● Required work
Please transcribe the data below in full. Omit any picture you find in it.

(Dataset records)
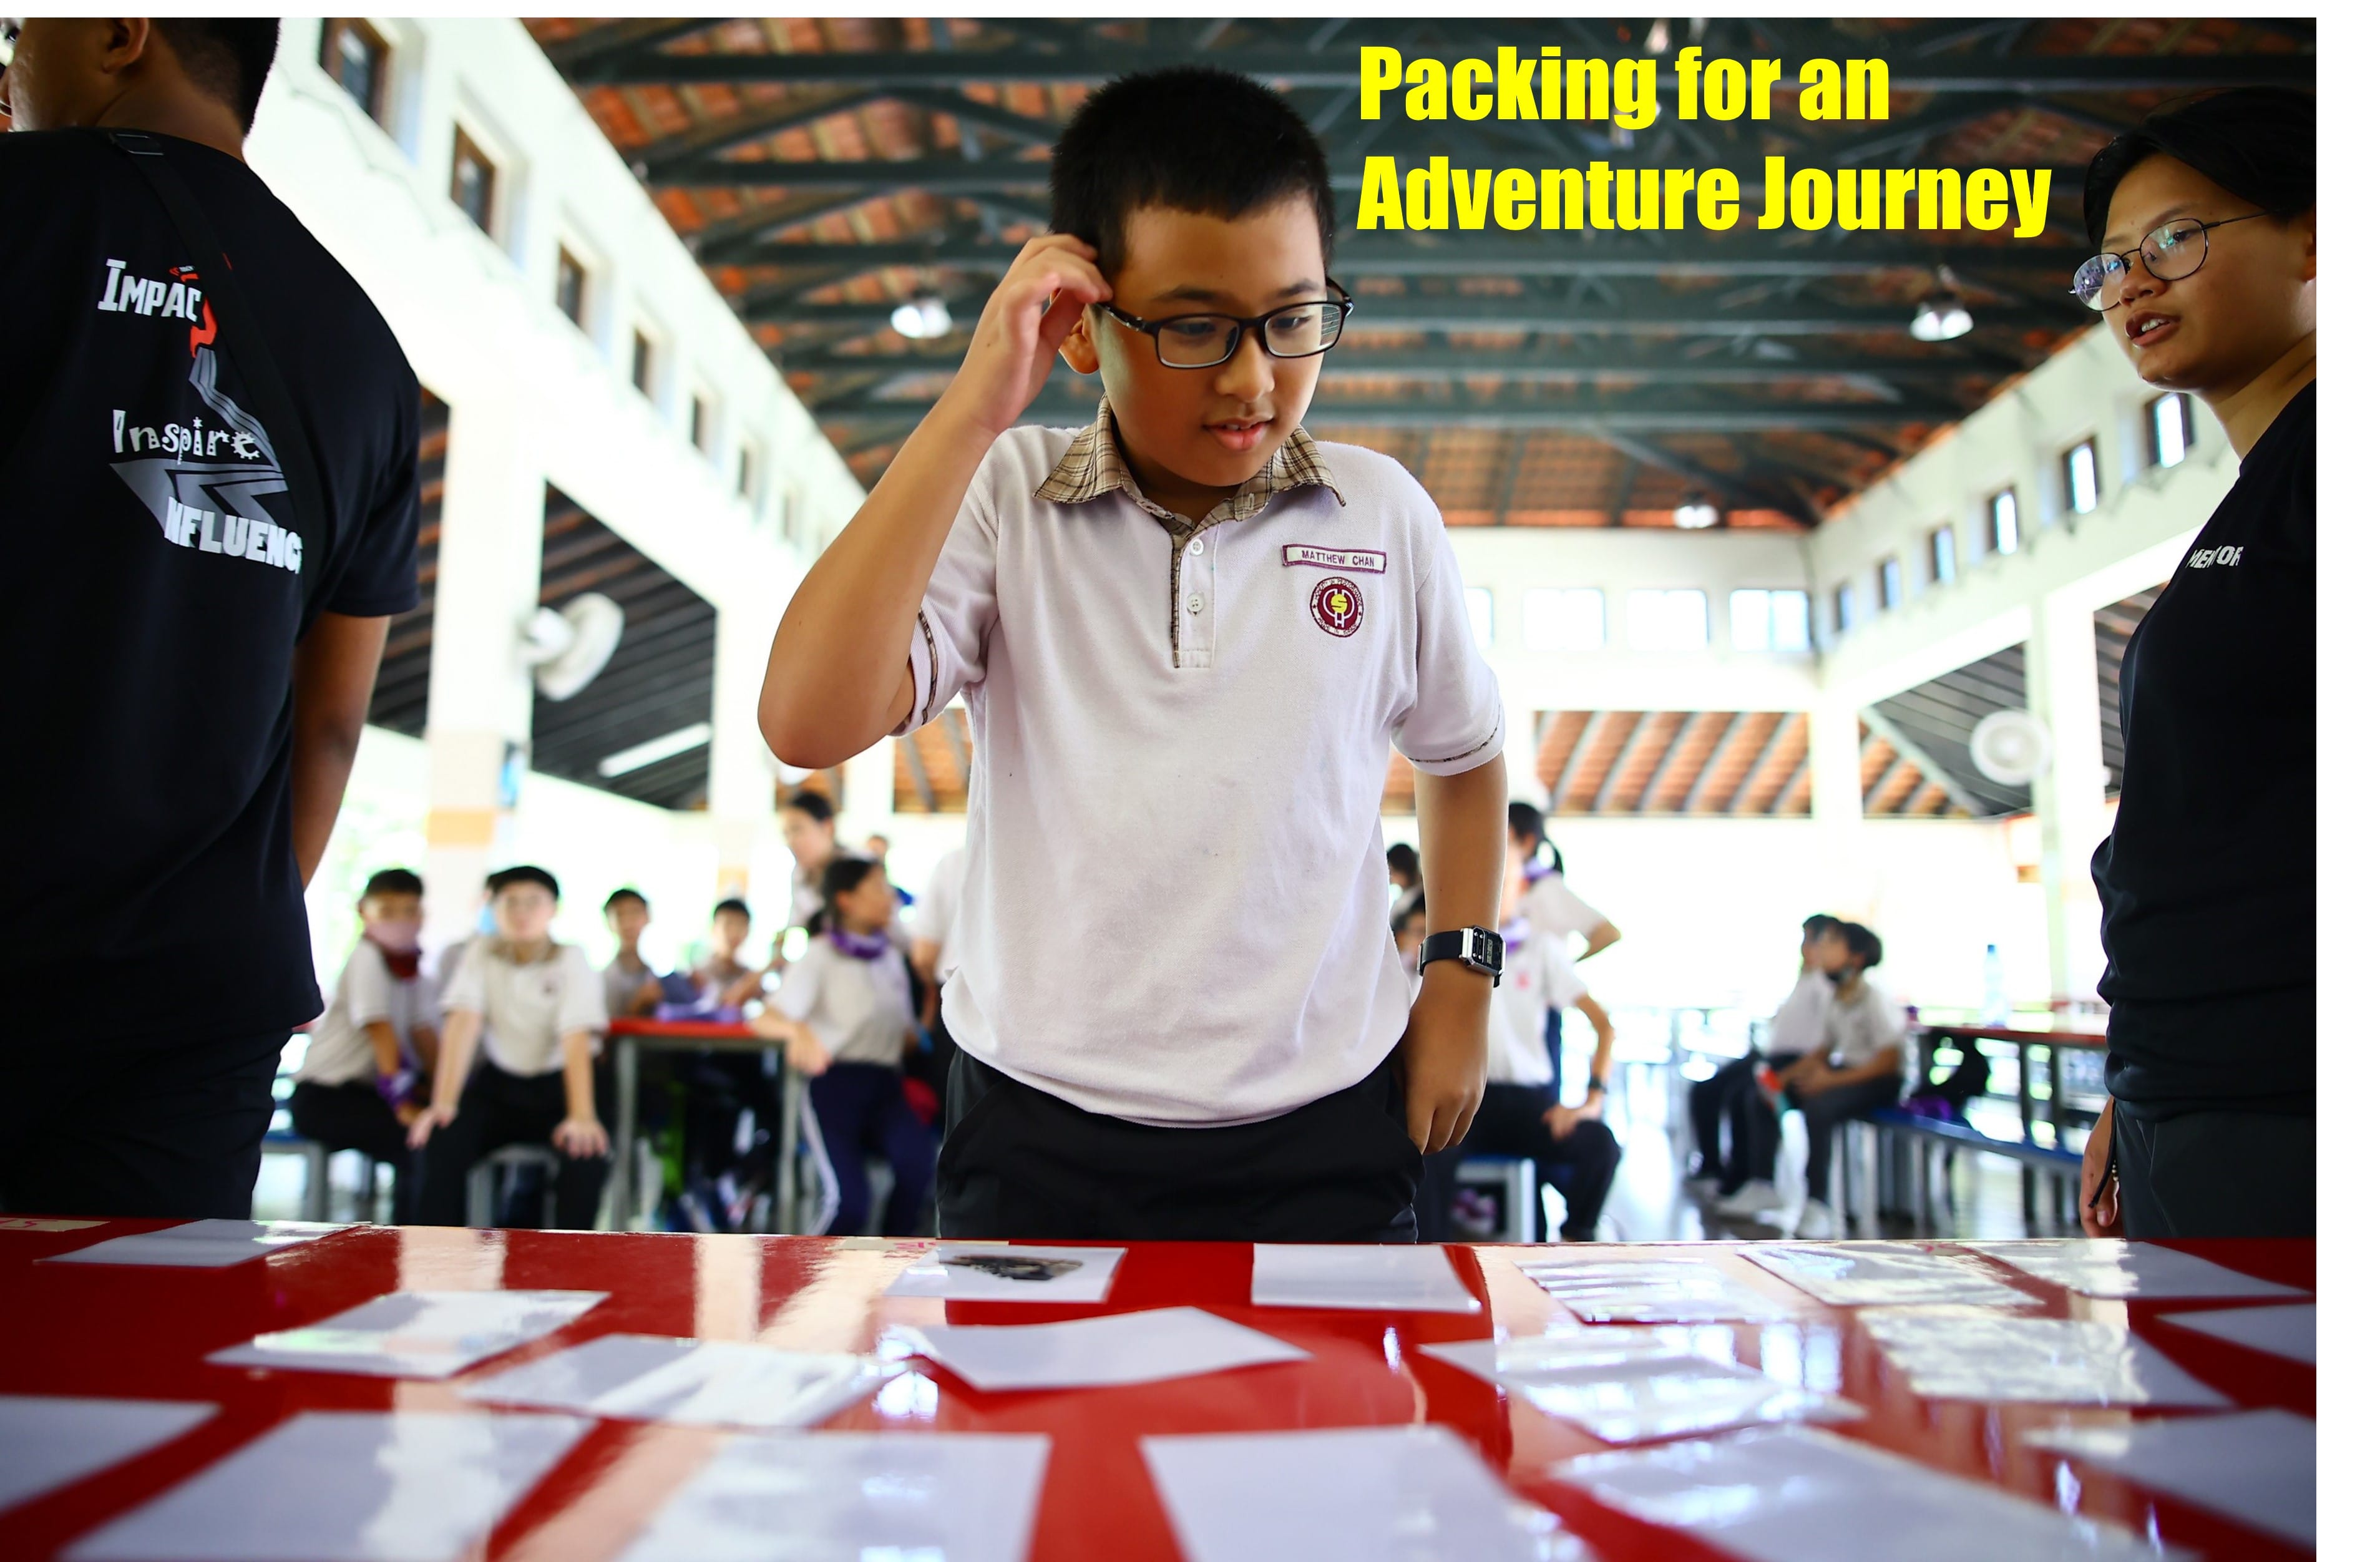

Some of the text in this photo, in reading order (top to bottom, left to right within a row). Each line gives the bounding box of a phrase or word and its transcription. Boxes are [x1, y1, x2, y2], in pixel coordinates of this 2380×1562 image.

[97, 258, 202, 323] IMPAC
[112, 409, 260, 466] Inspire
[163, 495, 303, 575] NFLUENC
[1302, 550, 1375, 567] MATTHEW CHAN

● Completed task
Some of the text in this photo, in reading order (top to bottom, left to right within a row). Each line gives the bounding box of a phrase or word and its transcription. Boxes are [x1, y1, x2, y2], in pixel coordinates of this 2380×1562 image.

[97, 258, 202, 323] IMPAC
[112, 409, 260, 466] Inspire
[163, 495, 303, 575] NFLUENC
[1302, 550, 1375, 567] MATTHEW CHAN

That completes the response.